The large sala(salon) was turned into a “Presidential Suite” while the equally large dining room was renovated into the “West Wing”. Jack always had the “West Wing” reserved; from there he could step out into the veranda, have a drink and private dinner as he watched the sun fall into the sea. The old servant quarters was attached to the main house by a screened in path and turned into the dining area for everyone else. The two large rooms had the main floor and private baths and toilets. It was a grand, dark teak staircase that led to the upstairs rooms. The rooms upstairs weren’t as large, but they still had high ceilings and floor to ceiling balcony doors, but they had to share two baths and two toilets.

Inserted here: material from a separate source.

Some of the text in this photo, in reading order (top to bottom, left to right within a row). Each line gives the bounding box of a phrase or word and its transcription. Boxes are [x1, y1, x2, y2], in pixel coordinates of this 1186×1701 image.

The house was situated so close to the seawall, in the silence of the night one could hear the gentle lapping of the waves. The sea’s close proximity afforded the house a constant sea breeze that also kept the voracious and nocturnal mosquitoes at bay. Old mahogany ceiling fans dominated each of the rooms, but quietly in the corners, stood modern portable air conditioners.


Danny ran into his room to jump into the shower and change from his dress shirt and tie, into a polo shirt and khakis. Jack had warned him, but Danny wouldn’t listen. So while Danny showered, Jack wandered over towards the market, he needed a new carton of cigarettes and there was a pretty little gal who had caught his eye several months ago as she tended the family convenience store.

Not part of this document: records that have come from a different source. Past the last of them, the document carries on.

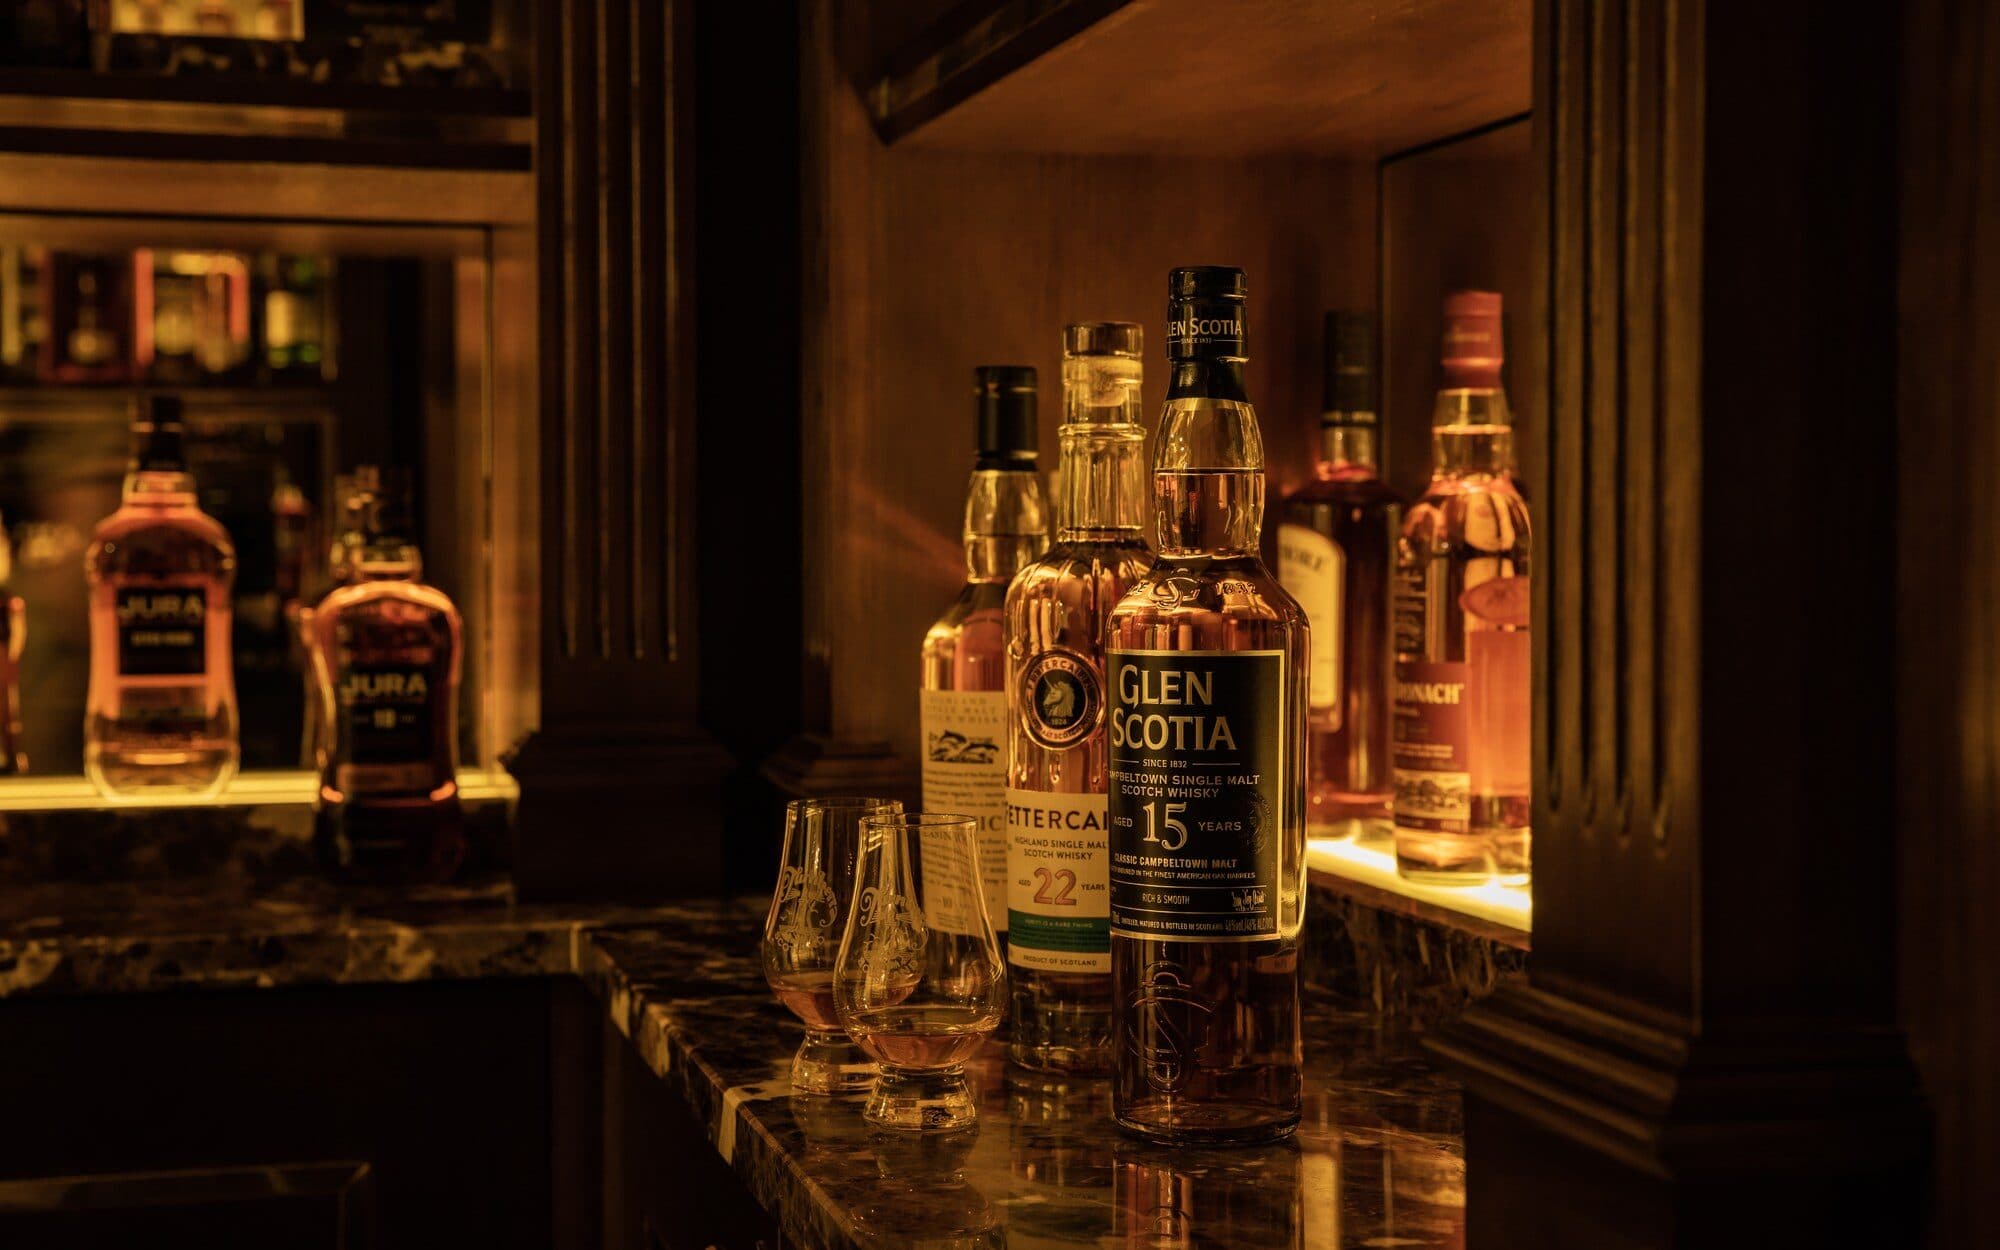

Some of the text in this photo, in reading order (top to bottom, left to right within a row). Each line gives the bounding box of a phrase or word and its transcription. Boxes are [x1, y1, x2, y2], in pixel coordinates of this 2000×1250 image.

[1167, 317, 1243, 337] LEN SCOTIA
[118, 595, 204, 622] JURA
[341, 673, 427, 706] JURA
[1119, 664, 1213, 709] GLEN
[1113, 707, 1238, 751] SCOTIA
[1142, 759, 1188, 768] SINCE 1832
[1172, 775, 1223, 786] SINGLE
[1227, 775, 1260, 785] MALT
[1121, 784, 1220, 799] SCOTCH WHISKY
[1009, 804, 1108, 831] ETTERCAI
[1113, 801, 1242, 851] AGED 15 YEARS
[1051, 840, 1085, 849] SINGLE
[1087, 841, 1107, 849] MAL
[1024, 848, 1093, 860] SCOTCH WHISKY
[1114, 852, 1238, 869] CLASSIC CAMPBELTOWN MALT
[1154, 871, 1175, 879] FINEST
[1033, 867, 1077, 906] 22
[1080, 883, 1106, 891] YEARS
[1142, 892, 1156, 904] RICH
[1163, 894, 1190, 905] SMOOTH
[1165, 921, 1188, 930] BOTTLED

Jack just flirted with her innocently, her father sat at the cash register with owlish eyes that seemed to follow everyone, everywhere. But the mother was a hawkish woman who reminded Jack of a more feral Bloody Mary from the movie South Pacific, if she could have sold off her daughter to Jack, she would have. That was enough to keep Jack in his pants but didn’t stop the flirting.


He had just gotten his pack of cigarettes when he tried to cross the street only to be stopped by a wall of tricycles. It was lunch time and the office workers and students were darting into the street. Jack had seen too many instances of run over feet, crushed bones and bloodied heads to try running that gauntlet. So he walked down the sidewalk looking for an opening. It was there in an opening of traffic that he saw Renata’s Café and Augusta laughing with another girl.